I've never met Marc Hausman, president and CEO of Silver Spring, Md., based Strategic Communications Group, but I disagree with his POV on paid internships.
Hausman doesn't pay his interns a dime, citing 'the economics of hiring and our ability to deliver value to a client.' He goes on to say, 'When we make an offer of employment, we are projecting future results based on a track record of performance.' So, I guess he figures all interns will perform poorly.
Hausman also believes trust must first be built between an employer and an intern '…who, in many instances, has little (if any) relevant industry experience.' Only after the experience has been gained will Hausman shell out some dough.
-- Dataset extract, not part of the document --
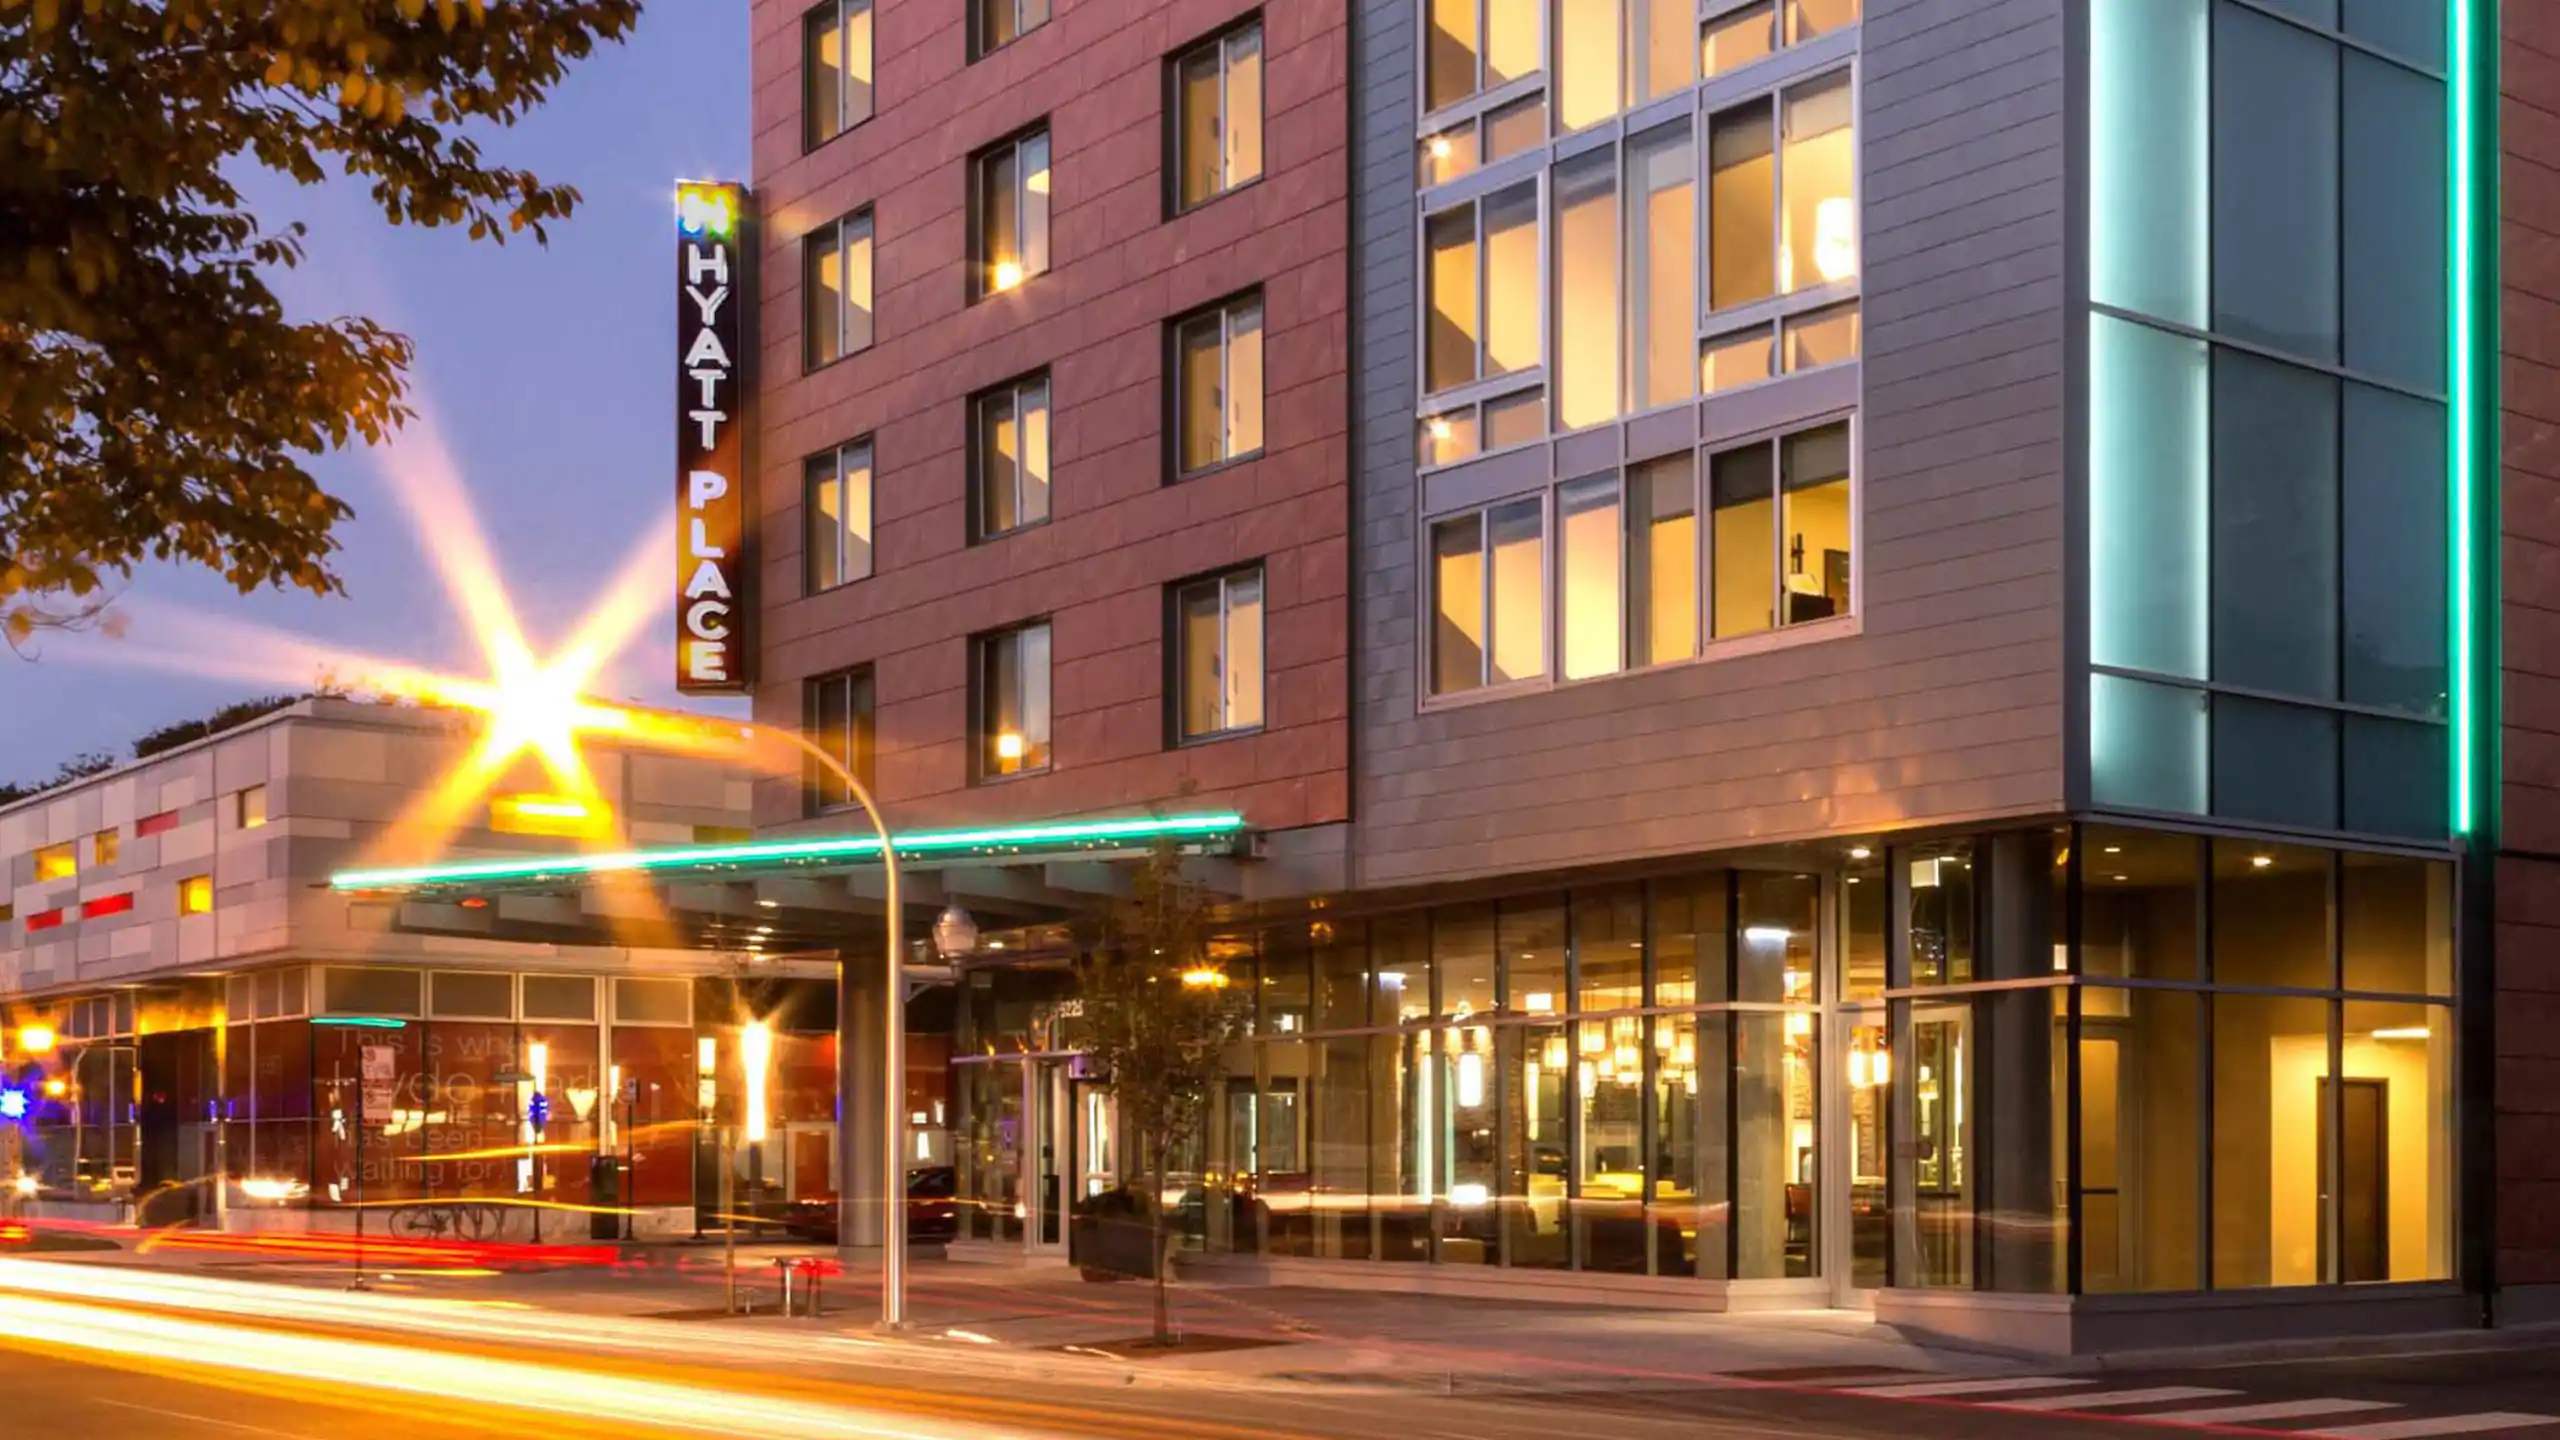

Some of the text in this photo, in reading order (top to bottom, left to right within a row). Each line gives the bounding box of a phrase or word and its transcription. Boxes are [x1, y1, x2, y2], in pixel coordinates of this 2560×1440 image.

[684, 243, 732, 682] HYATT PLACE
[333, 1027, 407, 1055] This
That's just plain wrong. First, it presents students with a classic Catch-22. They can't get paid until they've gained experience, but Hausman won't pay them to gain experience. So, rent, food, clothes and other basic staples will just have to wait. Second, I've met countless interns from schools as diverse as Northeastern and The College of Charleston to Fordham and the University of Vermont who've made an immediate, short-term impact on our business. And, we're happy to compensate them for their hard work.
We pay our interns $300 a week, which is hardly enough to help make ends meet. But, it is something. More importantly, it sends a message to our interns that we value their contributions.
I've always been of the opinion that you get what you pay for. If you want the best interns, dig into your pockets and find $300 a week to help them with room and board. If you want a student who's at her wit's end and willing to take anything, then stick with the pro bono strategy.
Hausman ends his article by referencing one erstwhile, unpaid intern who's risen through the ranks at Strategic Communications. That's great. I'm glad she was able to find the financial means to pay the rent while her employer decided if she was worthy of being paid. As for us, we've had scores of paid interns join us full-time and make their way right to our management committee. I'd like to think our willingness to provide a weekly paycheck from day one was the first step in that process.